On EDGE | OPINION
A few years ago, I had one of my crazier shower thoughts, for which I scrubbed myself on the back proudly until I realised that half the people I know had already thought of it. You might have too.
The idea goes like this: if the GNWT gets a transfer credit of around $30,000 per capita from the federal government, why don’t they just pay people to come here by cutting each resident a cheque for $15,000 each year? After discovering I wasn’t a special flower, I moved on with my life under the assumption that some previous variation on “weird government pyramid scheme” obviously hadn’t gotten any traction with the GNWT.
Last year, though, while talking to a Sahtu-based researcher, my interest was rekindled when I found out that the idea was globally precedented. In fact, it’s basically a crude implementation of the “Universal Basic Income” idea (UBI), which has been a dinner party conversation in academic circles for over a century, and is an increasingly prominent subject these days in places from Ontario to Switzerland. Thanks to the US presidential election this year and honorary Canadian Bernie Sanders, UBI is getting a lot of air time, and is especially popular in tech circles, busily preparing for a world in which work has been largely outsourced to machines.
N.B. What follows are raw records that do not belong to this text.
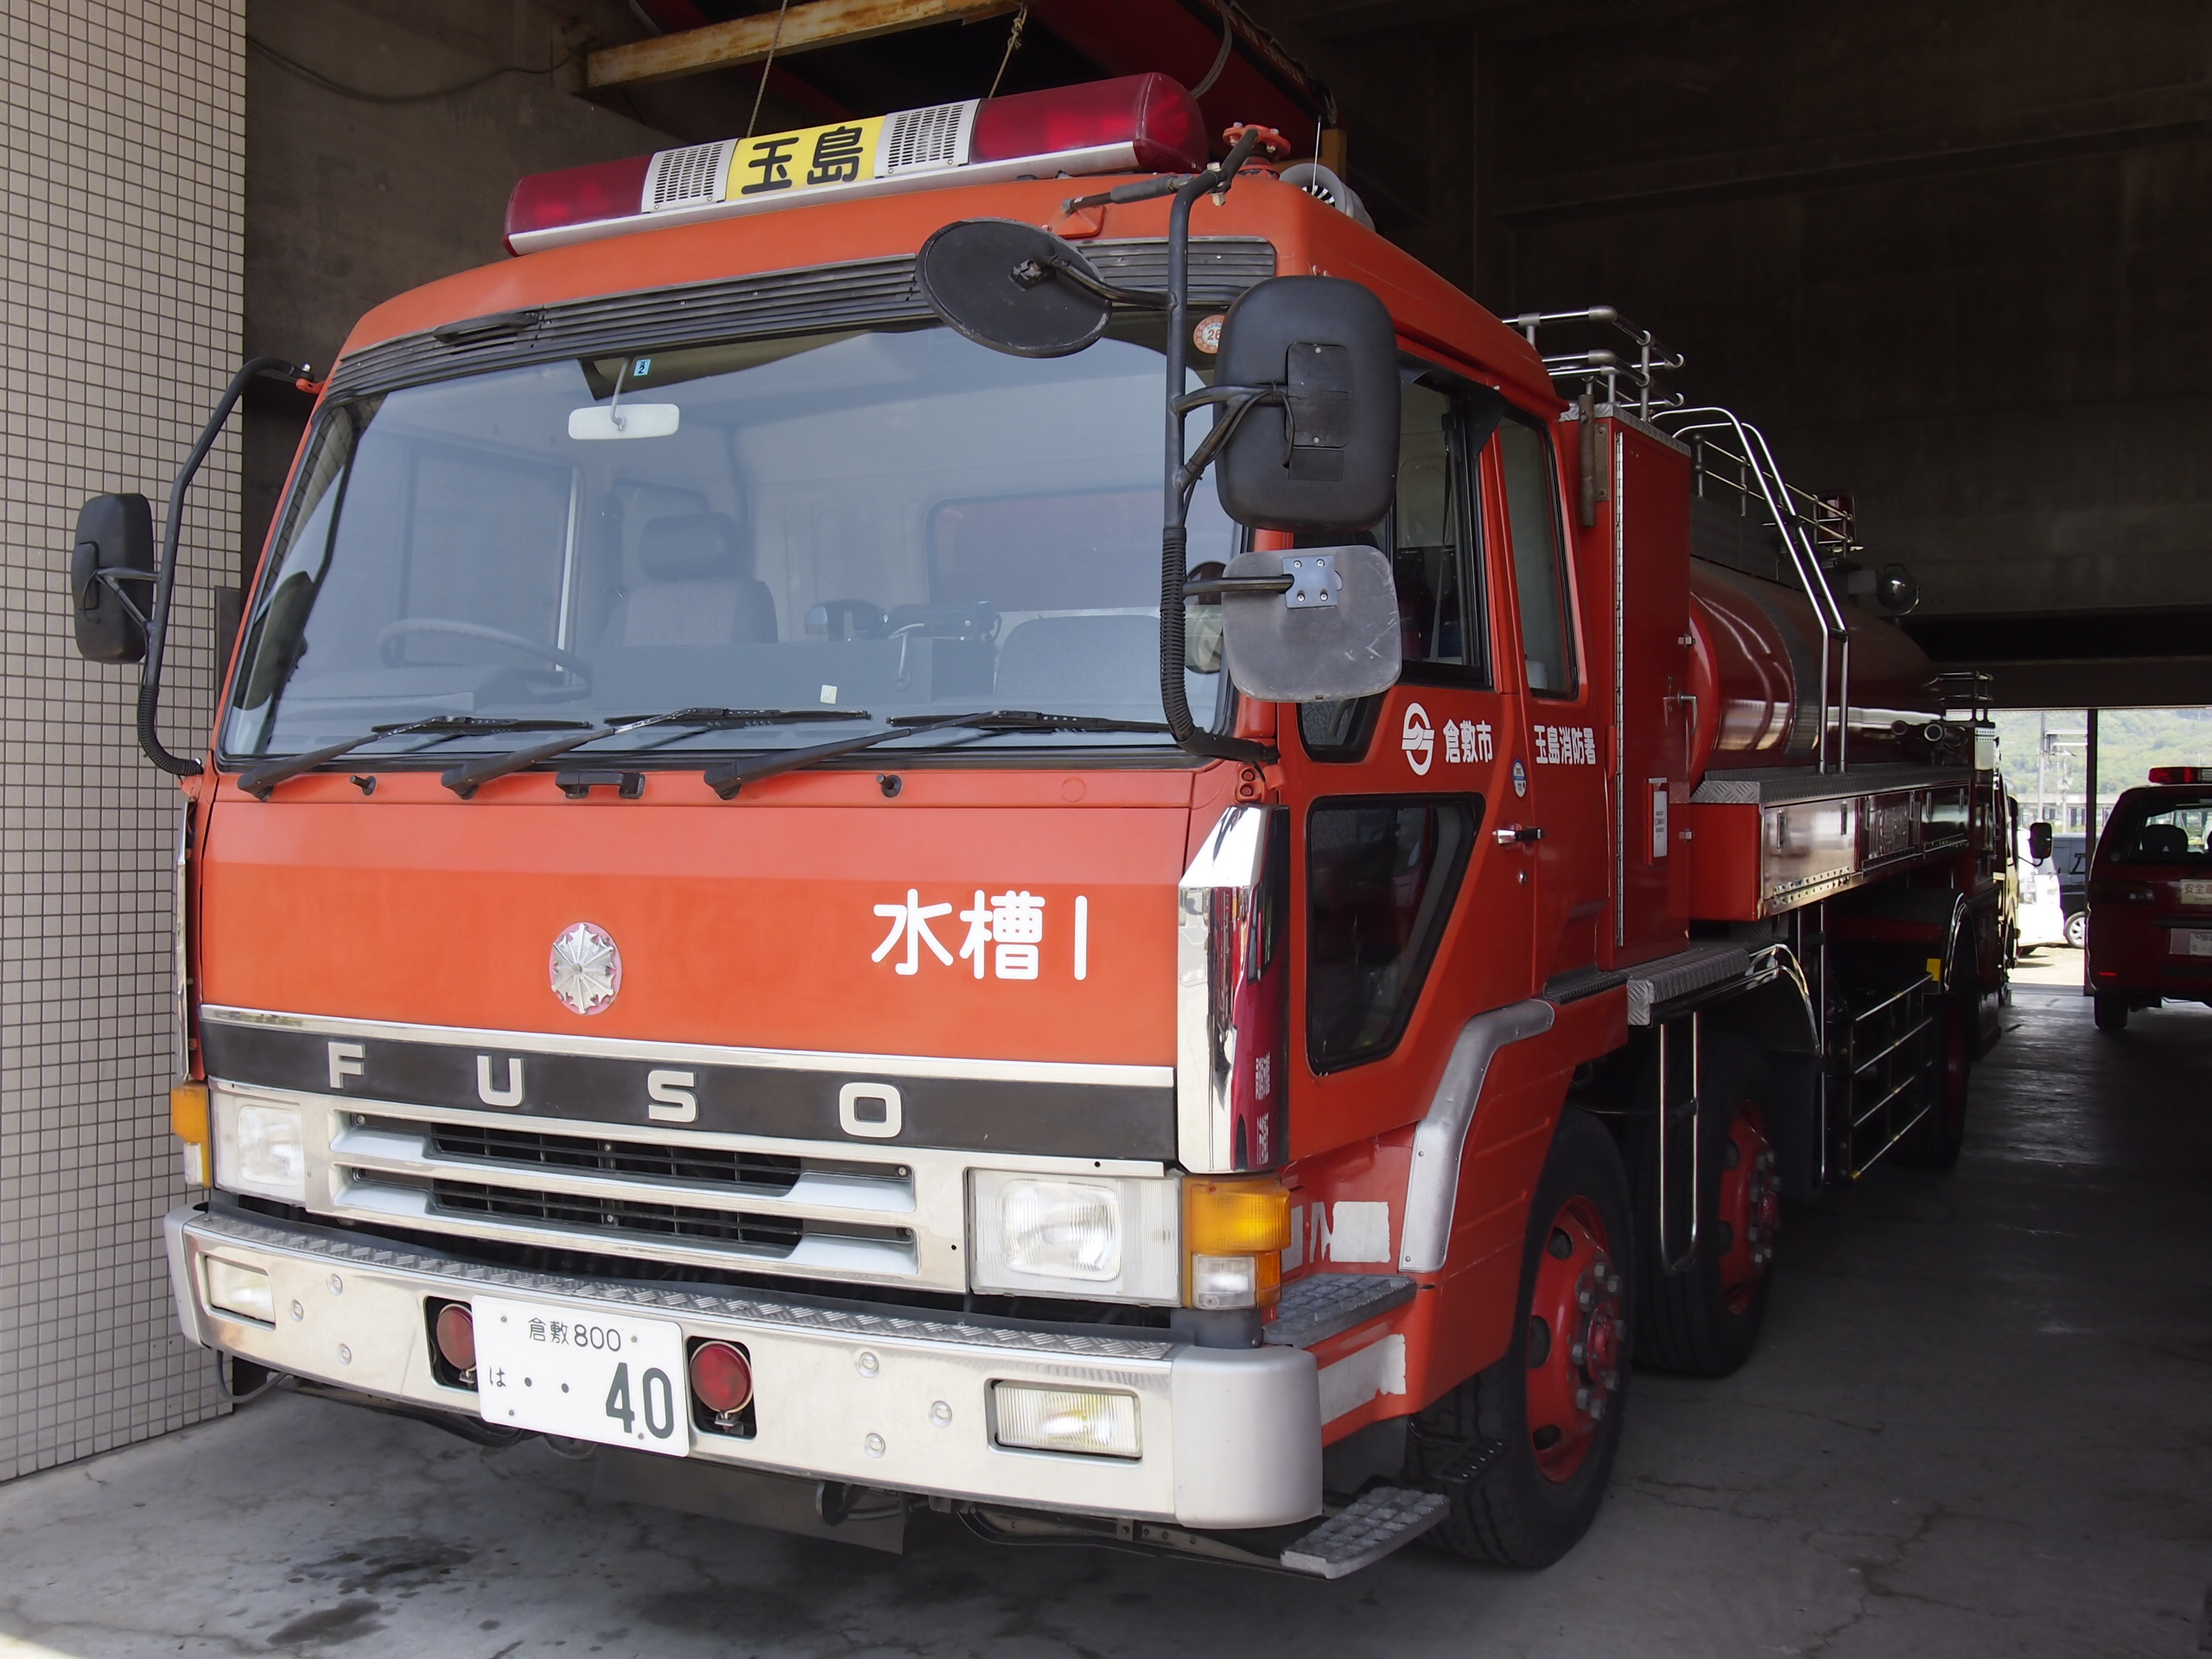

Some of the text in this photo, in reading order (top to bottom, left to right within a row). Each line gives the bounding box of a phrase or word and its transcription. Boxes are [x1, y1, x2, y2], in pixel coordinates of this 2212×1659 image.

[741, 125, 863, 194] 玉島
[1207, 329, 1221, 340] 26
[1443, 718, 1493, 763] 倉敷市
[1534, 725, 1597, 765] 玉島消防署
[327, 1040, 903, 1140] FUSO
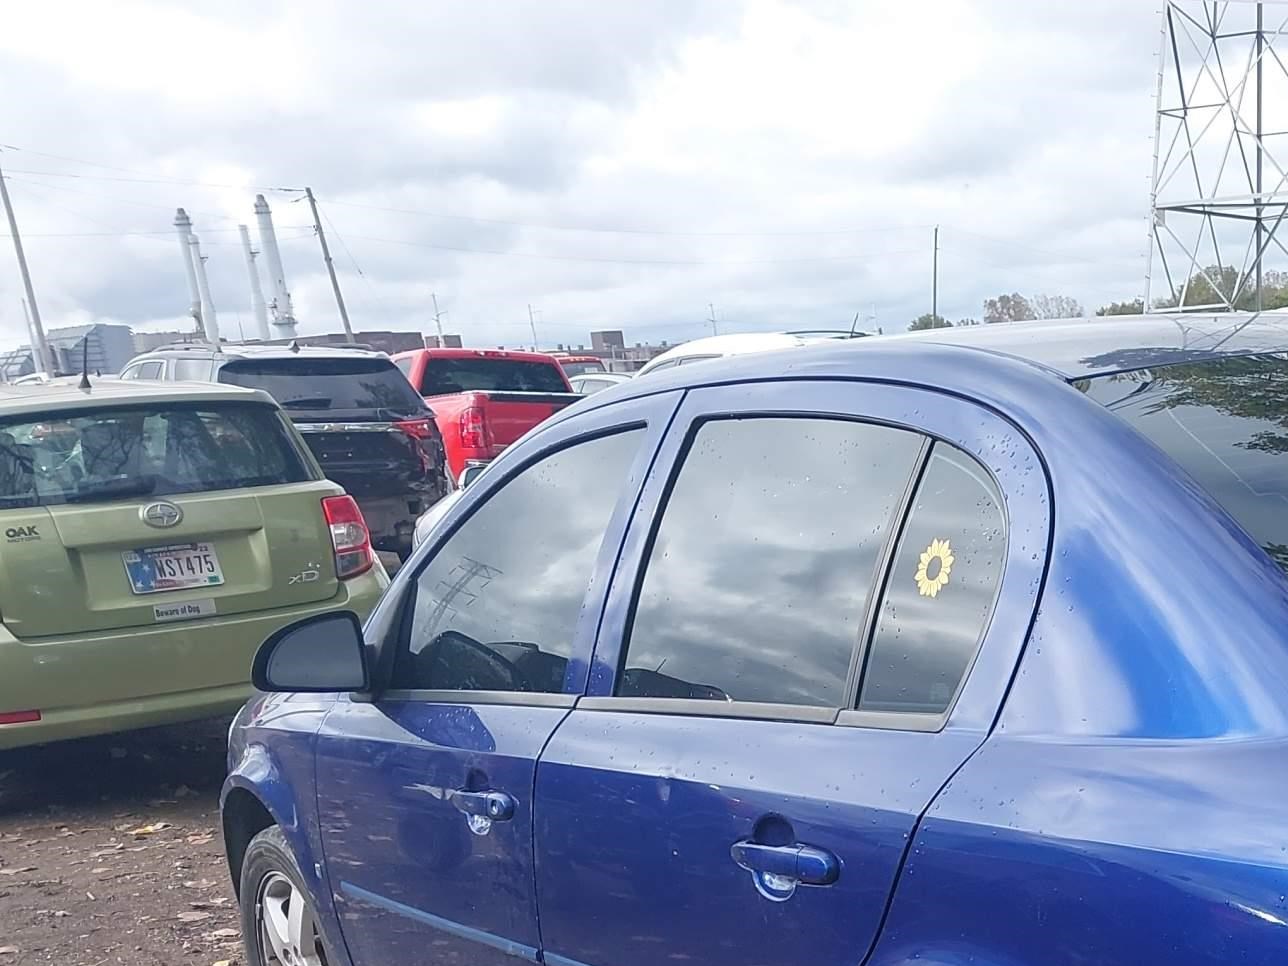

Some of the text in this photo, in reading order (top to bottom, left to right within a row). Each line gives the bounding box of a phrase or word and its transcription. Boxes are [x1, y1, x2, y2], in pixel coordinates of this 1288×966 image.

[5, 525, 40, 538] OAK
[155, 604, 201, 618] Beware of Dog
Obviously this fresh bone for the talking heads to gnaw on is quickly becoming another yawnerific right-vs-left debate, with “Everyone will just stop working” on one side and “Even people not working will contribute to society with their free time” on the other.
So how is UBI supposed to work? In the few trials that are currently being done, the scheme takes the form of a guaranteed salary; if you work you don’t get it and if you choose not to you do. Old? You get a cheque! Sick? You get a cheque! Just don’t want to work? You get a cheque!
As you would expect, that last point is where most people get hung up on UBI. We all live in a post-communist world and know what can happen when utopian idealism meets real people. But so far the results are compelling, and there’s something for everyone in the idea. Even “small government” people like the idea of simplifying the tax code and replacing hundreds of social welfare programs with one simple one.
Additionally, research shows that people aren’t as shiftless as we might think: in the studies, most didn’t just quit their jobs. Even those that did largely took the opportunity to get an education and re-enter the workforce. Could the fact that people don’t quit their jobs be related to the trials being temporary? Yes. Could you reverse the law if it’s not working? Also yes. Might that possibility stop people from quitting their jobs? Yes. And around and around the sociologists go.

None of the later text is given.